## What the task requires
Output every record below exactly.

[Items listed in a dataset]
######

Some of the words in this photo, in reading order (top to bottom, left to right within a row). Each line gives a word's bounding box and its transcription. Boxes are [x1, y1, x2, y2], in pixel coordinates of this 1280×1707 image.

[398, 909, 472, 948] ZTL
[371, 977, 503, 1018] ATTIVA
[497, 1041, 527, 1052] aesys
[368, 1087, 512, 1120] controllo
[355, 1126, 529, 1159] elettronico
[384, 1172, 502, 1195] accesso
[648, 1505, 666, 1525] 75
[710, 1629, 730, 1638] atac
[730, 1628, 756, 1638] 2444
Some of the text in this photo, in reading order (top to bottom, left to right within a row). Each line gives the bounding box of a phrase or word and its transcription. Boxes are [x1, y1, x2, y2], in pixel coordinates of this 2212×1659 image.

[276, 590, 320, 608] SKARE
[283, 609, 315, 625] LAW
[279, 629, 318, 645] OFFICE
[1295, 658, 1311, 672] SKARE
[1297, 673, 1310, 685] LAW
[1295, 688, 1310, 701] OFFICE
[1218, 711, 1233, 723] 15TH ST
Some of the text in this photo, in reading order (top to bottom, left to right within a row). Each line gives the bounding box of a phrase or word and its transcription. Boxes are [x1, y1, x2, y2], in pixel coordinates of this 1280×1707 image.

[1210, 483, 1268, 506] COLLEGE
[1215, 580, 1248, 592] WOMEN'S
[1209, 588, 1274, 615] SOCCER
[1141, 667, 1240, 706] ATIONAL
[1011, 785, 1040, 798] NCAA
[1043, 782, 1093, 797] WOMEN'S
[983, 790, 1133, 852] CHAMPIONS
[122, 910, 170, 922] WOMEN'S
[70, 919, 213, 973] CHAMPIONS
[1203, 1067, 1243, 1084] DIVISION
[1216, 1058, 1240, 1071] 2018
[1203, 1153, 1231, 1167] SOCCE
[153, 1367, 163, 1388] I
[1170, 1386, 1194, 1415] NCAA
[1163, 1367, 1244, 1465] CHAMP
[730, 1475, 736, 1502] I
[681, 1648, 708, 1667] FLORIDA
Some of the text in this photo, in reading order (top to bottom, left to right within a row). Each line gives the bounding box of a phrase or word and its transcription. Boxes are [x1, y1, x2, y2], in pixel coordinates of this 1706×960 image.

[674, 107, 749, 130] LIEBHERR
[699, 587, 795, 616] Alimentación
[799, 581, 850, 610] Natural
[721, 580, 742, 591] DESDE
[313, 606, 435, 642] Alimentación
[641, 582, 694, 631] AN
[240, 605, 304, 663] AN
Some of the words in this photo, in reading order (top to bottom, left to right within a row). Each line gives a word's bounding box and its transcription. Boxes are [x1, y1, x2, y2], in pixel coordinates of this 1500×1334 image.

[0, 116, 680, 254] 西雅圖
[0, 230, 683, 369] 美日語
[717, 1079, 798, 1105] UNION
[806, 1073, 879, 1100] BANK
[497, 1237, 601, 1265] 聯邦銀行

######

## Output of the task
Some of the words in this photo, in reading order (top to bottom, left to right within a row). Each line gives a word's bounding box and its transcription. Boxes are [x1, y1, x2, y2], in pixel coordinates of this 1280×1707 image.

[398, 909, 472, 948] ZTL
[371, 977, 503, 1018] ATTIVA
[497, 1041, 527, 1052] aesys
[368, 1087, 512, 1120] controllo
[355, 1126, 529, 1159] elettronico
[384, 1172, 502, 1195] accesso
[648, 1505, 666, 1525] 75
[710, 1629, 730, 1638] atac
[730, 1628, 756, 1638] 2444
Some of the text in this photo, in reading order (top to bottom, left to right within a row). Each line gives the bounding box of a phrase or word and its transcription. Boxes are [x1, y1, x2, y2], in pixel coordinates of this 2212×1659 image.

[276, 590, 320, 608] SKARE
[283, 609, 315, 625] LAW
[279, 629, 318, 645] OFFICE
[1295, 658, 1311, 672] SKARE
[1297, 673, 1310, 685] LAW
[1295, 688, 1310, 701] OFFICE
[1218, 711, 1233, 723] 15TH ST
Some of the text in this photo, in reading order (top to bottom, left to right within a row). Each line gives the bounding box of a phrase or word and its transcription. Boxes are [x1, y1, x2, y2], in pixel coordinates of this 1280×1707 image.

[1210, 483, 1268, 506] COLLEGE
[1215, 580, 1248, 592] WOMEN'S
[1209, 588, 1274, 615] SOCCER
[1141, 667, 1240, 706] ATIONAL
[1011, 785, 1040, 798] NCAA
[1043, 782, 1093, 797] WOMEN'S
[983, 790, 1133, 852] CHAMPIONS
[122, 910, 170, 922] WOMEN'S
[70, 919, 213, 973] CHAMPIONS
[1203, 1067, 1243, 1084] DIVISION
[1216, 1058, 1240, 1071] 2018
[1203, 1153, 1231, 1167] SOCCE
[153, 1367, 163, 1388] I
[1170, 1386, 1194, 1415] NCAA
[1163, 1367, 1244, 1465] CHAMP
[730, 1475, 736, 1502] I
[681, 1648, 708, 1667] FLORIDA
Some of the text in this photo, in reading order (top to bottom, left to right within a row). Each line gives the bounding box of a phrase or word and its transcription. Boxes are [x1, y1, x2, y2], in pixel coordinates of this 1706×960 image.

[674, 107, 749, 130] LIEBHERR
[699, 587, 795, 616] Alimentación
[799, 581, 850, 610] Natural
[721, 580, 742, 591] DESDE
[313, 606, 435, 642] Alimentación
[641, 582, 694, 631] AN
[240, 605, 304, 663] AN
Some of the words in this photo, in reading order (top to bottom, left to right within a row). Each line gives a word's bounding box and its transcription. Boxes are [x1, y1, x2, y2], in pixel coordinates of this 1500×1334 image.

[0, 116, 680, 254] 西雅圖
[0, 230, 683, 369] 美日語
[717, 1079, 798, 1105] UNION
[806, 1073, 879, 1100] BANK
[497, 1237, 601, 1265] 聯邦銀行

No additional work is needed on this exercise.